She told me it was tradition to be with the kids the night before Easter. This kids did not express interest in going last night. We are different religions but I gave them Easter morning presents when they woke up becuase it was the right thing to do. They were so happy and then went to their mom’s in a good mood. One of the reasons I got divorced was that she was very controlling. I see the kids every other weekend so why would I not want them on a Saturday night that is not a holiday. These are typical incidences since our divorce one year ago. My ex tries to cause a problem by making a big deal about last night even though the kids were happy. How can I have her understand that she is not being helpful without causing her to escalate her controlling behavior?
First, I really feel for you…I was married to a man who allowed his ex to get their kids during his time. Before he met me he spent Christmas eating Chinese with a stripper because she told him they wanted to be with her parents.
We are divorced now and from what I gather he changed their decree and she has him where she wants him. I don’t know if you live in Indiana but if you do there are very strict laws that guarentee you rights on alternate years for special holidays. She should learn to take turns and so should your kids. One parent is not more important than another and your children should be made to understand…Indiana does understand. I am very familiar with the laws and your legal parenting time rights.
Meanwhile take care and stand up for yourself and your kids.
Sounds like she is using every opportunity to take advantage of your and your husband. The court ordered parenting plan should be enforced unless there was an emergency, that way everyone knows what’s in the plans and follows them…Your problems are the reasons parenting plans are set through the court system..Child support is generally based on many factors, both parents income, other bio-children involved, insurance premiums, child care expenses, and how many days each parent has the child..If you are keeping his child way more than the allotted time in the parenting plan, then you may have grounds for modification [reduction] in child support payments… Check into this..There is also a State calculator you can download online, it’s the same one the judges use when determining child support payments. If you know both income, insurance premiums, child care expenses and allotted days you can do this yourself and see if it’s worth going back to court over….Good luck, what ever you do try to stick with the parenting plan…..:)
You cannot reason with an unreasonable person. If it is your weekend then you have all right to spend whatever time you want with the children and do whatever. Their happiness is not determined by someone elses anger so she needs to get over it.
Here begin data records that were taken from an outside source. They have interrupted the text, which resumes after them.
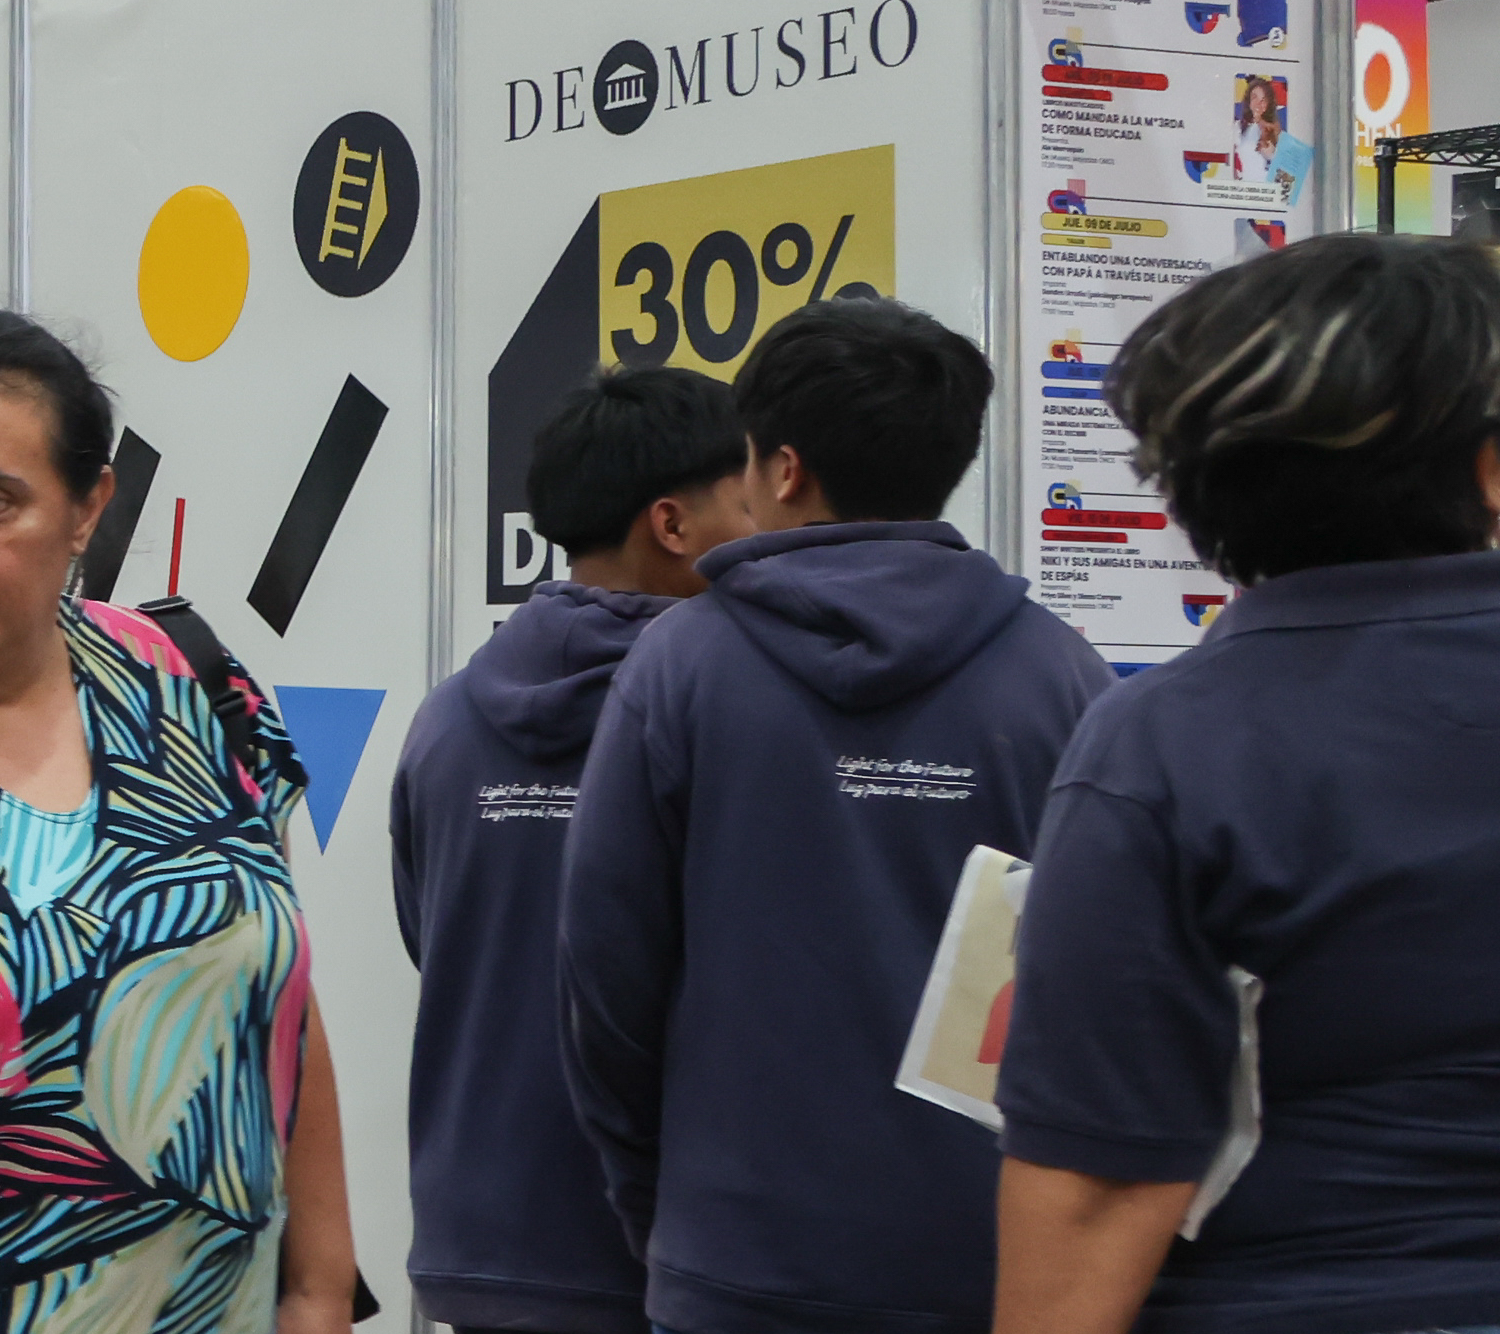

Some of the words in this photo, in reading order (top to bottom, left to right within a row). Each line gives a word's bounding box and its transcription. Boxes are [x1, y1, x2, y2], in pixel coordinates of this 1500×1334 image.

[504, 65, 587, 143] DE
[1042, 109, 1074, 121] COMO
[1075, 111, 1120, 125] MANDAR
[1122, 114, 1130, 124] A
[1131, 115, 1143, 126] LA
[1042, 123, 1055, 134] DE
[1056, 124, 1091, 138] FORMA
[1094, 127, 1142, 141] EDUCADA
[1062, 218, 1082, 229] JUE.
[1084, 219, 1098, 230] 09
[1100, 220, 1111, 231] DE
[1113, 221, 1141, 233] JULIO
[1042, 250, 1108, 265] ENTABLANDO
[1110, 254, 1131, 266] UNA
[1042, 266, 1065, 277] CON
[1067, 265, 1093, 279] PAPÁ
[1095, 269, 1102, 279] A
[1104, 268, 1141, 282] TRAVÉS
[1143, 271, 1155, 283] DE
[1156, 273, 1169, 283] LA
[610, 214, 882, 368] 30%
[1041, 556, 1060, 567] NIKI
[1062, 557, 1069, 567] Y
[1071, 556, 1091, 568] SUS
[1093, 557, 1132, 569] AMIGAS
[1134, 557, 1147, 569] EN
[1148, 557, 1168, 569] UNA
[1041, 570, 1056, 581] DE
[1057, 569, 1089, 583] ESPÍAS
Bottom line is this, you were given every other weekend by the courts. No matter what falls on that weekend- it is YOUR time with the kids, not hers… She agreed to the arrangement therefore she should be alright with it. Besides, you can celebrate holidays any day of the year. many families split up holidays…
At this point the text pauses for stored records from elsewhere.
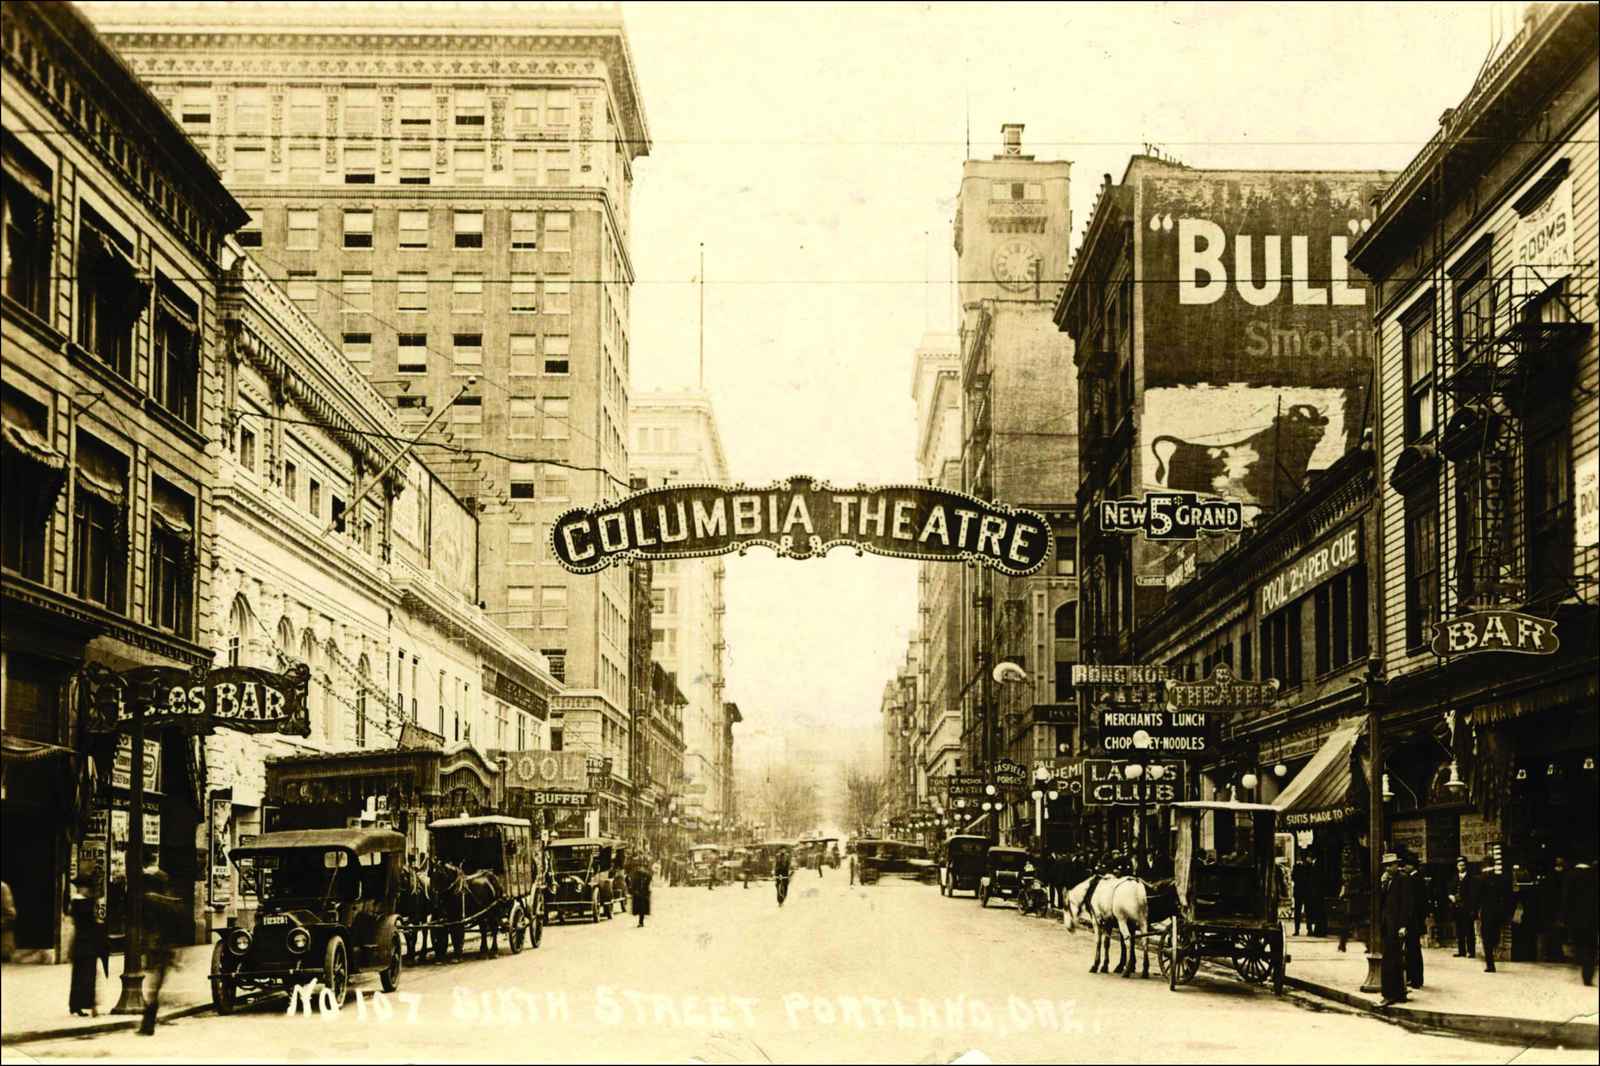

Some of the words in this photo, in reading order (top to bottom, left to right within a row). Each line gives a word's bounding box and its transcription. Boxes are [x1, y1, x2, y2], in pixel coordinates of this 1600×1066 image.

[1103, 503, 1148, 527] NEW
[1175, 505, 1239, 526] GRAND
[562, 494, 813, 563] COLUMBIA
[832, 495, 1040, 564] THEATRE
[1261, 573, 1288, 615] POOL
[1307, 551, 1329, 581] PER
[1330, 529, 1358, 567] CUE
[1448, 616, 1549, 653] BAR
[1132, 666, 1177, 684] KON
[212, 682, 288, 720] BAR
[1104, 712, 1164, 727] MERCHANTS
[1172, 712, 1205, 727] LUNCH
[1104, 736, 1133, 750] CHOP
[496, 756, 580, 782] POOL
[534, 791, 588, 805] BUFFET
[1093, 784, 1175, 801] CLUB
[1310, 811, 1331, 823] MADE
[1332, 809, 1343, 819] TO
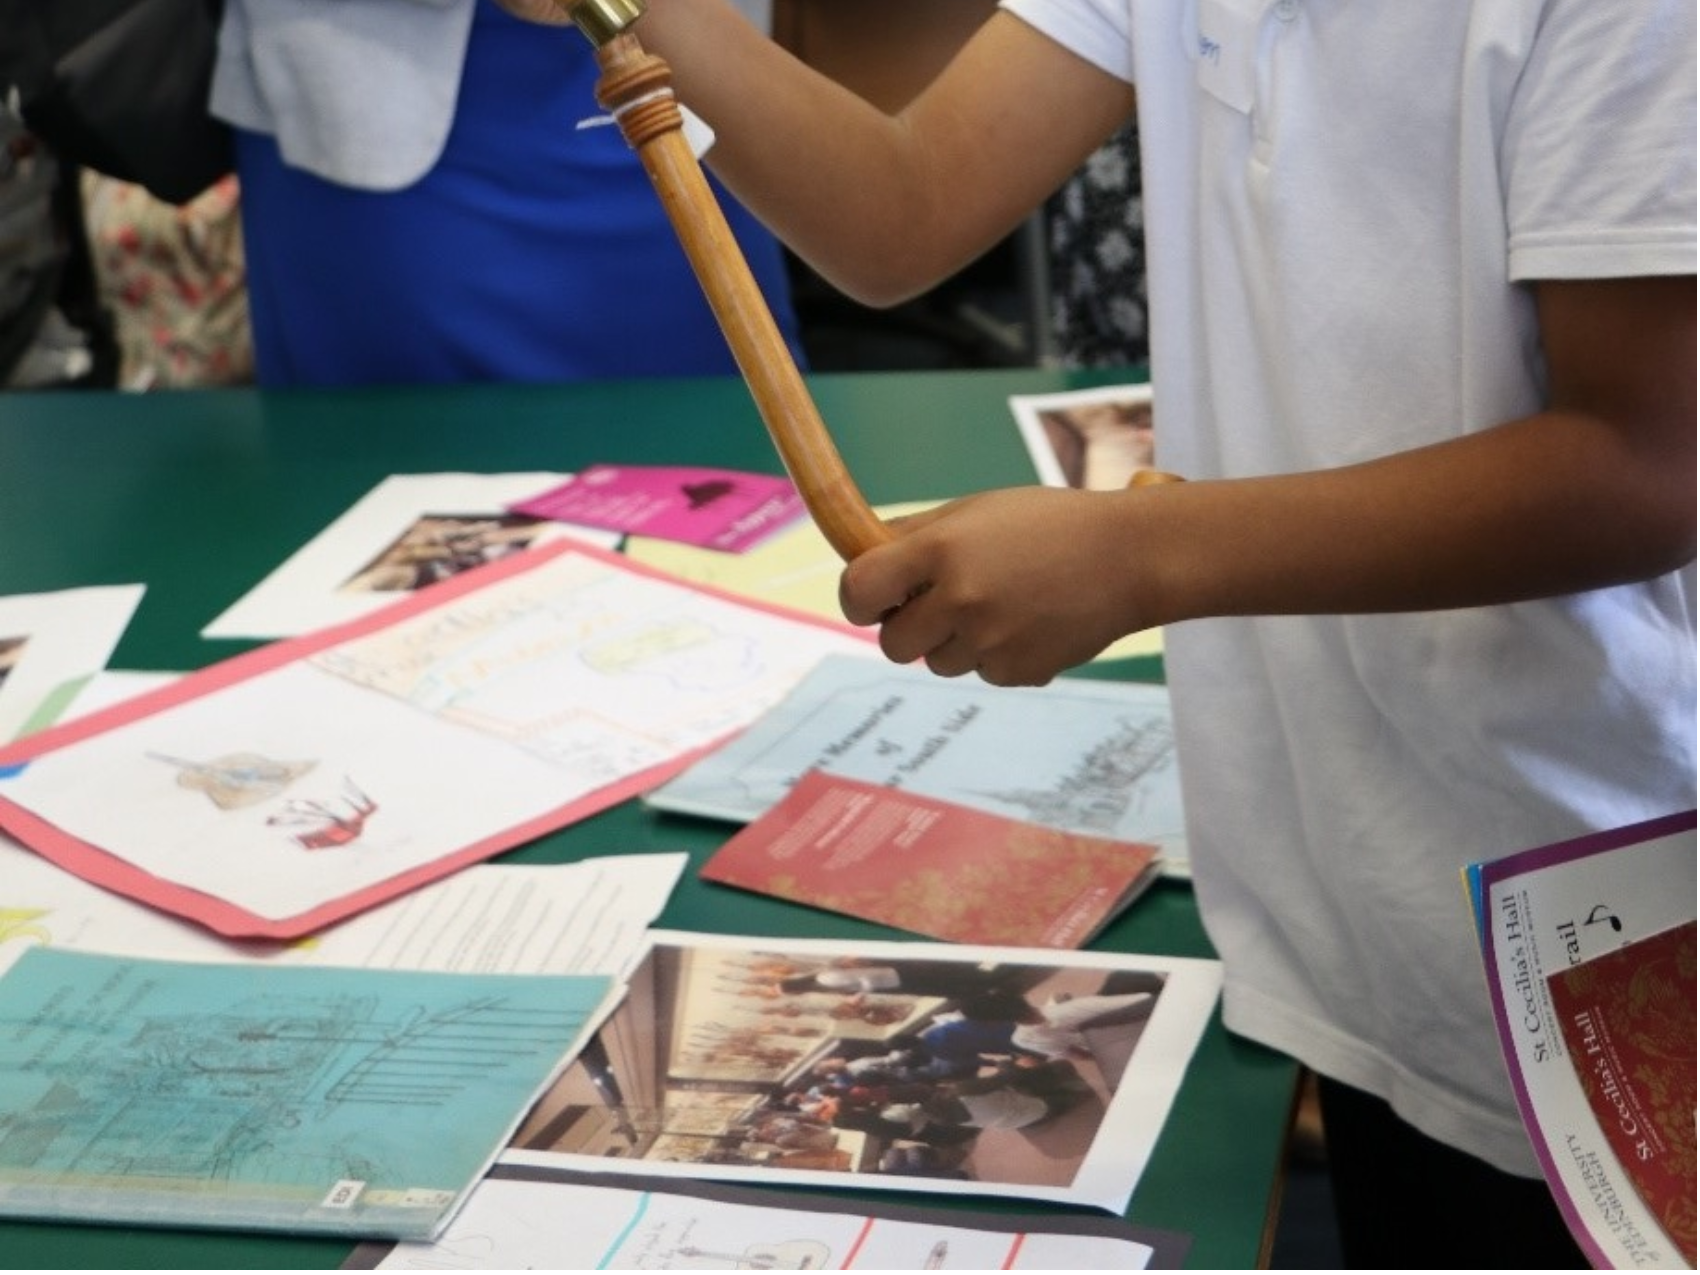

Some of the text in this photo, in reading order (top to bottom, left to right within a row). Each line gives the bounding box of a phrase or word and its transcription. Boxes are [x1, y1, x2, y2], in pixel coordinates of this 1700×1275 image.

[1502, 892, 1550, 1063] St Cecilia's Hall
[1556, 920, 1581, 966] rail
[1574, 1011, 1655, 1160] St Cecilia's Hall
[1566, 1133, 1646, 1266] THE UNIVERSITY
[1585, 1151, 1648, 1248] EDINBURGH
so she needs to quit it for the sake of the children. All the bickering in the world wont make your children happy….
I am in the same boat as you are in man. What I do is the only way I will trade time with my ex is if she gives me at least a week notice and she trades me twice as much time as she takes in the middle of the weekend. Don’t play her games, that just hurts the kids.Tell the kids the true about everything and don’t try to make them not like there mother.
You will NEVER control your ex wife so you have to live with what you can control
Keep doing what it takes to make your children happy. Kids know a lot more than you think about whats going on. Stick to your guns and make sure that your children are the focus of your time and not the ex. My guess is that this is just one way for her to try and cause problems. She is mad at you and will alwasy resent you for the divorce. Tell her the courts gave you both custody and when its your time to have the children they will be with you and vice versa.
I understand wwhere you’re coming from. You need to talk to her alone and just tell her how you feel about it. This is between you and her and not the kids. If it’s your time to have them and she won’t give them to you you only need to take your divorce papers to the police station and ask that they go with you to pick up your children. I know this sounds harsh but if she wants to play games you have no choice but to play along with her or just let her have her way everytime.
Paco, I am not sure you can ever make her understand. Ex’s will try anything to get their way. You have children involved and she should think of them first instead of her. You did the right thing by keeping them. They need their Daddy too.
If you have joint custody, unless otherwise agreed upon, you get them on your specified times. Holidays are often broken up and switched back and forth from parent to parent in even/odd years. Refer back to your lawyer for real advice in this matter, and best of luck to you.
Tell her you don’t care what she says, the kids were happy and that’s all that matters to you.
Tell you’re ex that you love them. Tell them that it is better that you are together. Fight through the bullshit. Love conquers all.
If you were together, things might be better.